O que o pensador moderno provavelmente não previu foi que o surgimento de uma crise de saúde global como a pandemia de Covid-19 tornaria tal distanciamento algo extremamente necessário. Com o isolamento, as relações virtuais passaram a ter um novo desdobramento: ganharam um “quê” de realidade.
A tecnologia, antes inimiga dos relacionamentos físicos e das “trocas verdadeiras”, ganhou protagonismo. Em encontros on-line ou intermináveis ligações de vídeo, os namorados recorrem aos dispositivos eletrônicos para dar uma pausa na saudade da quarentena. Porém, o isolamento social e as mudanças nas dinâmicas estão impactando não apenas os casais, mas também os solteiros.
Essa foi a chance dos aplicativos de relacionamento brilharem. Sem a possibilidade de conhecer alguém casualmente em uma mesa de bar, ou ser apresentado em um encontro de amigos, as ferramentas virtuais permitiram a oportunidade de expandir os “contatinhos” e de manter relacionamentos e laços antigos, sem correr os riscos do mundo lá fora.
O grupo Match, dono de marcas como Tinder, Hinge e Meetic, somou mais de um milhão de assinaturas pagas no último trimestre de 2020, em relação ao período anterior (+12%), chegando a 11 milhões de usuários no mundo.
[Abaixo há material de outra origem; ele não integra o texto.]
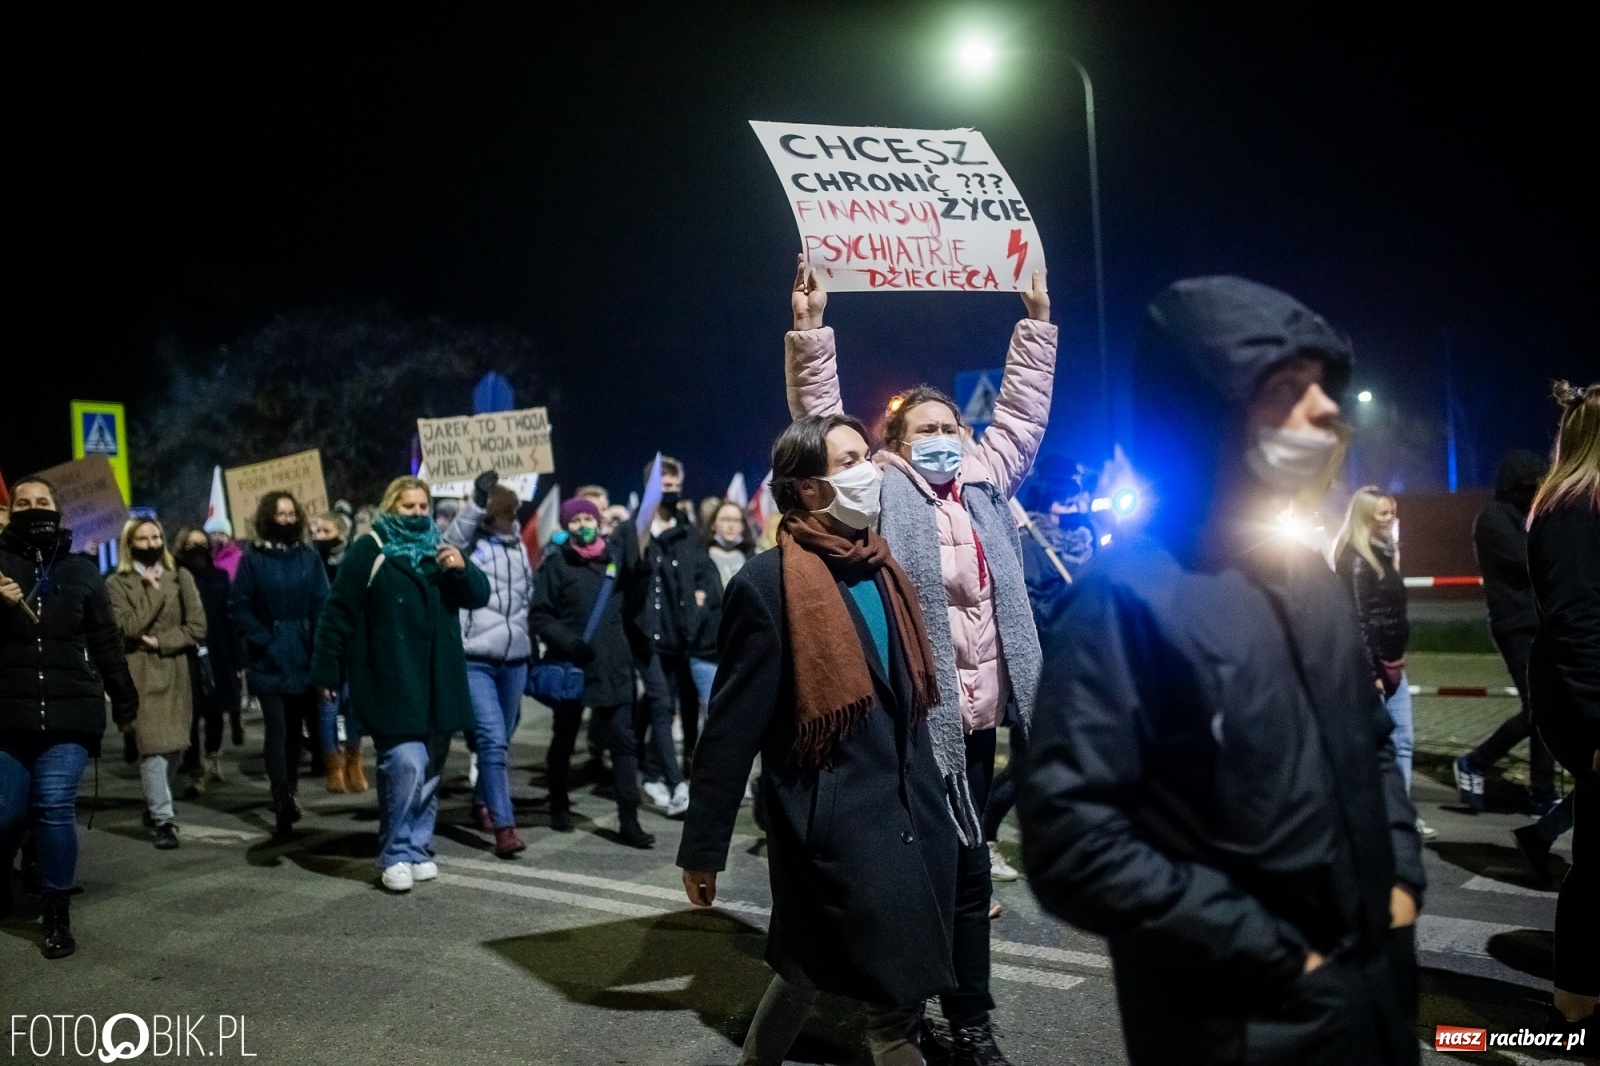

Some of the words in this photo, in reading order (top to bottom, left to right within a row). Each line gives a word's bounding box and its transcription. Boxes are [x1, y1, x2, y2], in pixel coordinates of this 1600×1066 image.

[779, 133, 989, 166] CHCESZ
[791, 164, 949, 193] CHRONIĆ
[956, 173, 1004, 194] ???
[796, 199, 942, 237] FINANSUJ
[937, 191, 1032, 222] ŻYCIE
[422, 420, 470, 441] JAREK
[475, 418, 496, 434] TO
[502, 413, 548, 432] TWOJA
[423, 440, 462, 457] WINA
[467, 436, 513, 453] TWOJA
[426, 457, 482, 478] WIELKA
[490, 453, 524, 471] WINA
Os dados de crescimento de outros apps também são significativos. O Happn notou um aumento de 18% nas mensagens trocadas pelo aplicativo; o The Inner Circle teve um aumento de 15% nos matches e 10% nas mensagens enviadas; e o Par Perfeito registrou crescimento de 70% de novos usuários.
“Deu match!”
Pouco mais de um ano depois da chegada do coronavírus no Brasil, falar nas mudanças para o relacionamento virtual não é mais a onda do momento. O que as pessoas ainda se questionam é como esperar um futuro ao decidir compartilhar a vida com alguém com quem o convívio presencial quase não foi compartilhado.
O novo peso colocado na balança do universo on-line trouxe consigo a carga emocional. “Com a pandemia, o valor maior passou para a vida virtual, e os sentimentos foram junto. É fundamental ter respeito com o que acontece no universo on-line. Você não pode se sentir descartável, afinal, não somos produtos disponíveis no e-commerce”, pondera a neuropsicóloga Leninha Wagner.
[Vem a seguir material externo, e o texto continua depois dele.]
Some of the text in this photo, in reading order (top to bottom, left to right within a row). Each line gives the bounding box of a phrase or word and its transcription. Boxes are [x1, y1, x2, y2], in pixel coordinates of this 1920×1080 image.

Solteira há pouco mais de dois anos, Letícia Sousa, 26, vive uma relação ioiô com os aplicativos de relacionamento. Durante a pandemia, ela reparou mudanças no comportamento dos candidatos a parceiros no app.
“Eu percebi a diferença de um ano pra cá. A maioria dos homens que conheci estava mais em busca da ‘conchinha’ do que querendo apenas relações sexuais. Percebi muito essa demonstração de carência, mas também um certo comodismo da parte deles”, explica.
Desde o último ano, a brasiliense recorreu ao aplicativo algumas vezes e, em uma delas, conheceu alguém que deu match além do botão. “Ficamos meses conversando, fazíamos chamada de vídeo e, mesmo não nos vendo, isso criou uma profundidade legal”, lembra. Porém, chegou um ponto em que “isso não estava servindo mais”.
“É um pouco assustador, porque você conversa com alguém por dois meses e acha que já sabe tudo sobre ele. Os assuntos foram acabando e você sente que não tem mais o que conversar”, confessa.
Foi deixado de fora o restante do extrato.